Savills IM agrees €100m Swedish property deal

Savills Investment Management has agreed to buy €100m worth of residential property in Sweden, adding the buildings to its European Living platform.

The firm said the deal would comprise six buildings across the cities of Uppsala, Västerås and Gävle, all of which were built in the last four years. It added that five out of the six properties were built under the investment subsidy system, with energy bonuses implying affordable rental levels with low tenant turnover rates. The firm claimed the buildings could be rented out at up to 25% below market levels.

“We believe the time is now for the European residential sector,” said Patrick Au Yeung, senior fund manager for European Living at Savills Investment Management. “The fundamentals are robust while the supply/demand imbalances are acute and likely to remain persistent.

“This portfolio is another clear indicator that Savills IM’s European Living platform continues to go from strength to strength. The platform benefits from a strong and experienced fund management team, the extensive investment and asset management network of Savills IM across the region and the backing of Savills plc – one of Europe’s leading real estate advisory businesses.”

Day of reckoning?

The move comes a few months after CNBC suggested the Swedish property market was facing a ‘day of reckoning’. Back then, analysts at Nordea told the news organisation house prices in the Nordic nation had fallen 13% after rising steadily for years. And in October, Bloomberg had warned the amount of housing debt in the nation was causing concern across the continent.

“The pandemic initially led to uncertainty on the housing market, although it quickly recovered,” a report by the Swedish Bankers’ Association, The Mortgage Market in Sweden, noted last September. “Strong demand – above all, for single-family homes and larger apartments – led to significant price increases towards the end of 2020 and throughout 2021.

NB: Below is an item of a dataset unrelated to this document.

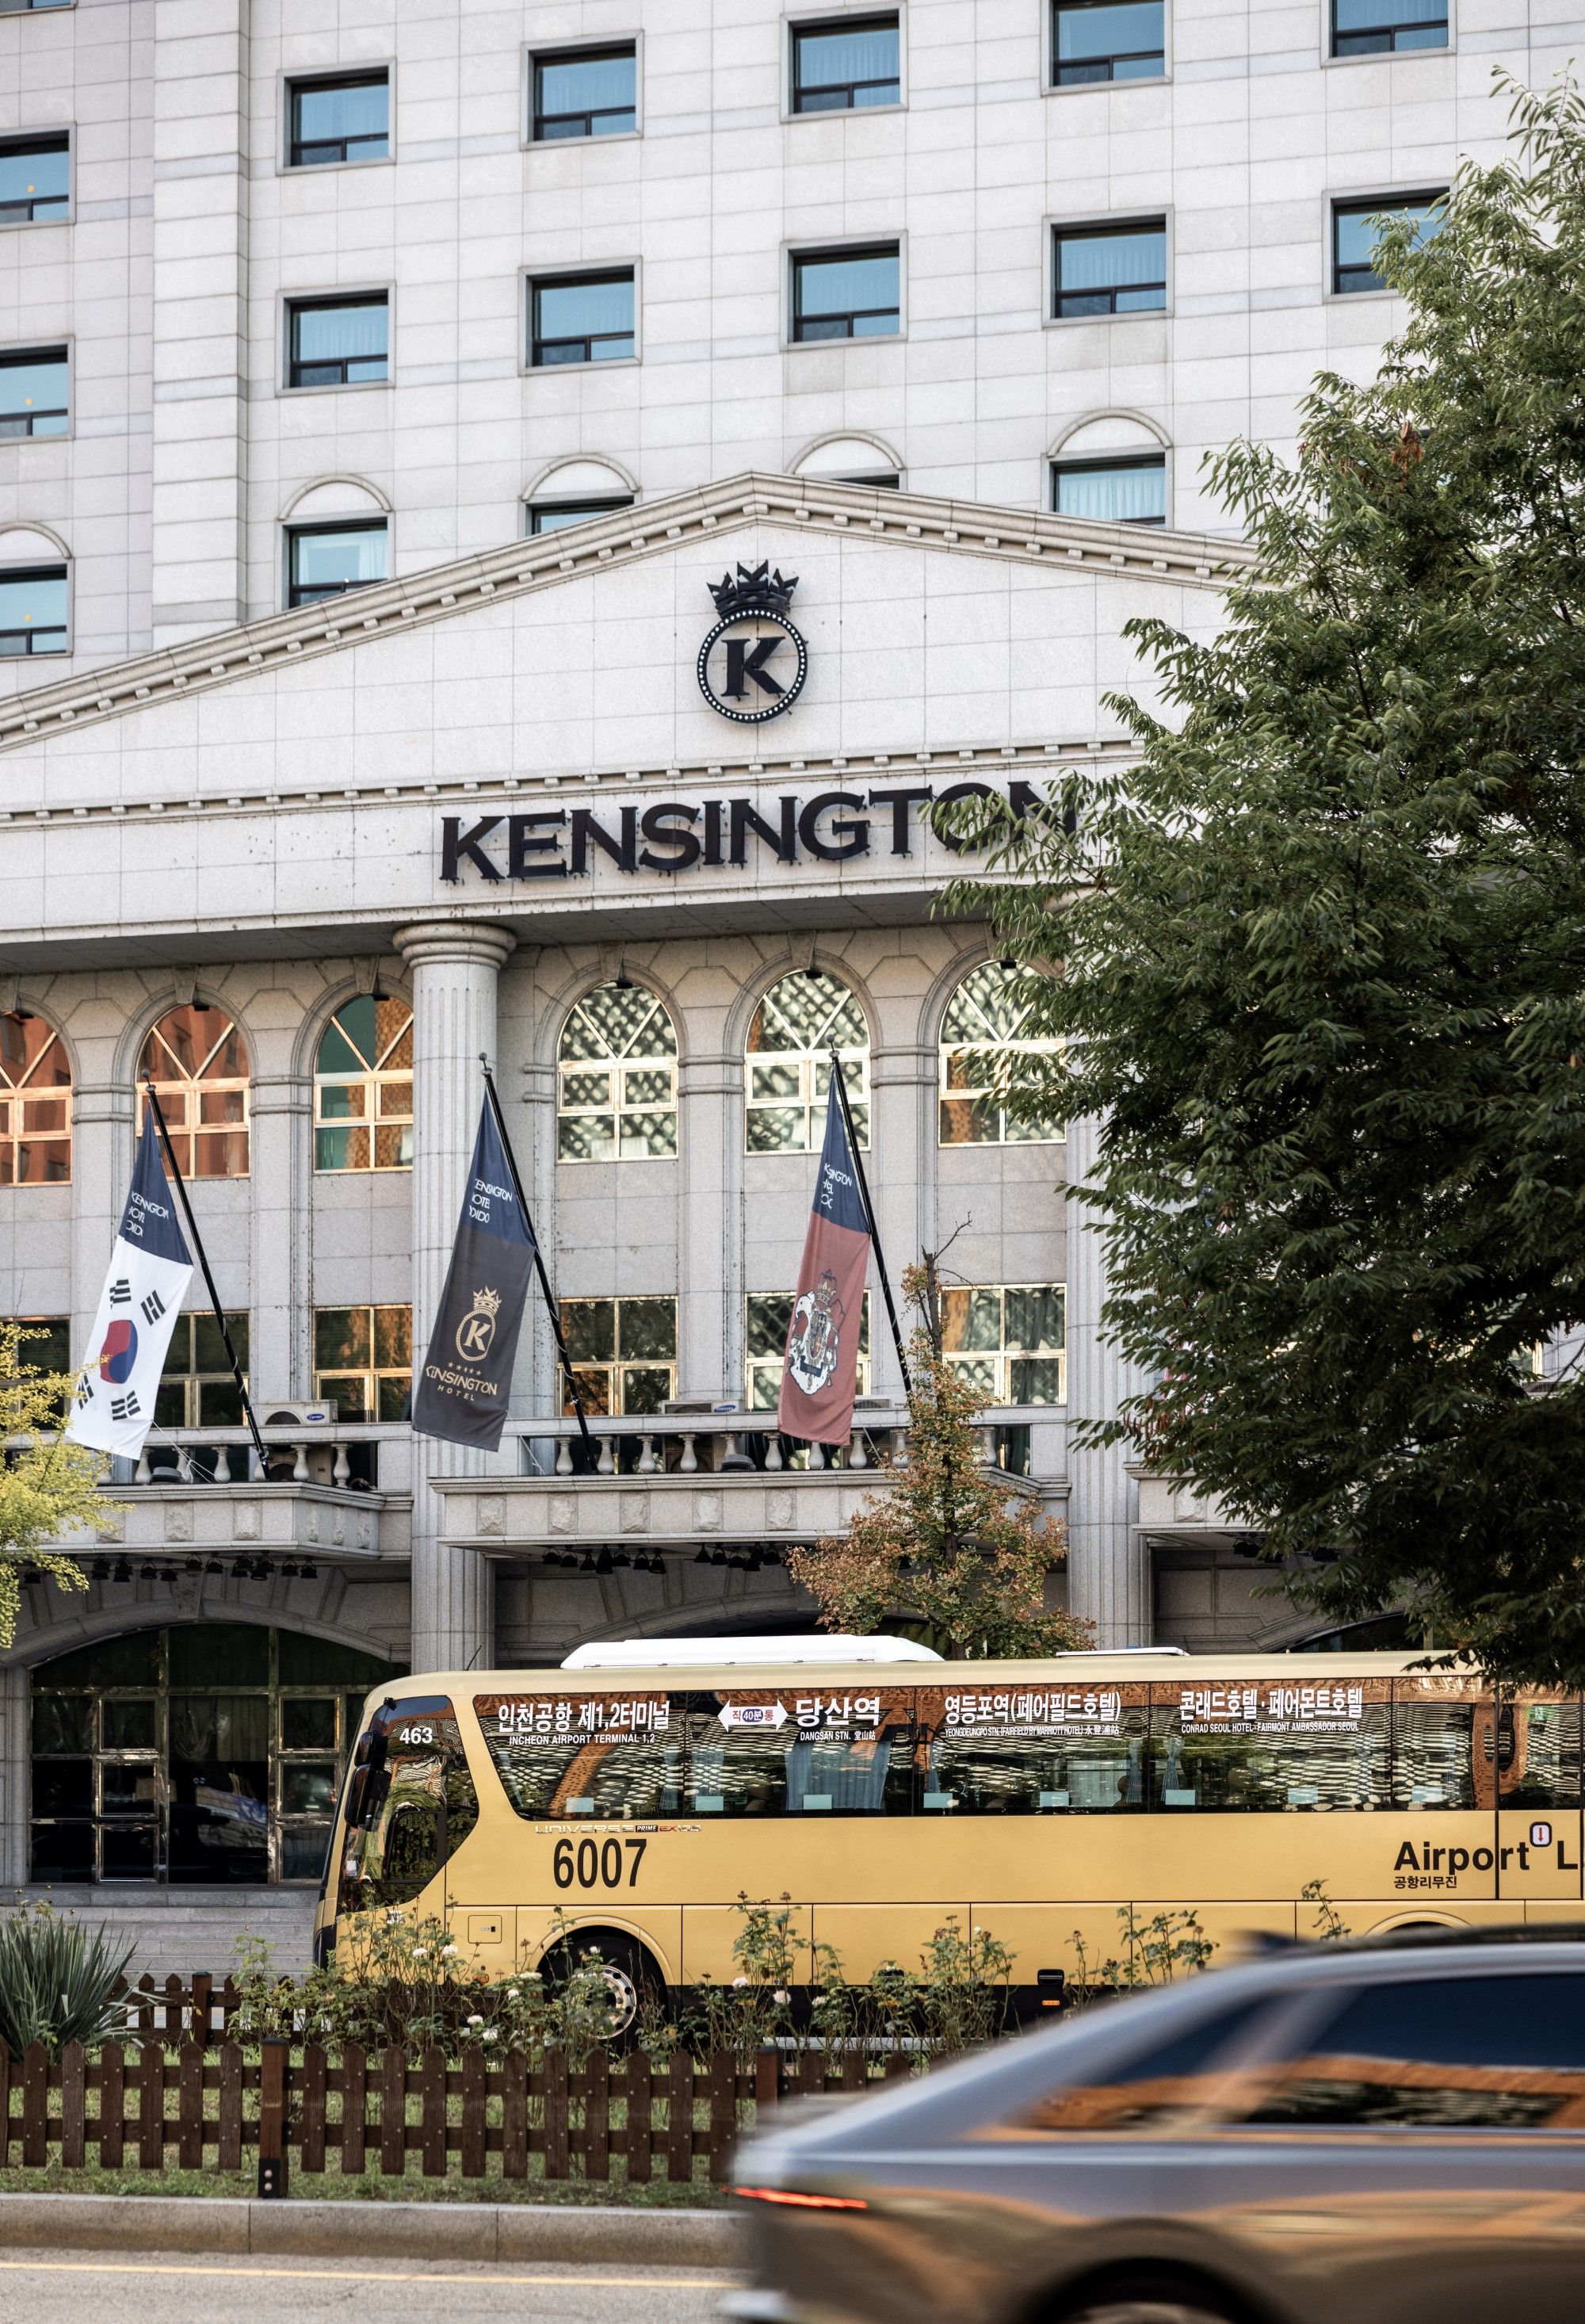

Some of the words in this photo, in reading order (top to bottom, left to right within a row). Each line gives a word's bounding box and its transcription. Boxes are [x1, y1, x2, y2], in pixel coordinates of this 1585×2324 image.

“The increasing inflation and, in particular the increasing mortgage interest rates during the spring of 2022, have resulted in the mortgage market starting to cool down and in housing prices starting to fall during the second quarter of 2022.”

Pete Carvill

Pete Carvill is a reporter, writer, and editor based in Berlin who has been writing for the B2B and mainstream media since 2007. He is a contributing writer for Expert Investor and, in addition, has...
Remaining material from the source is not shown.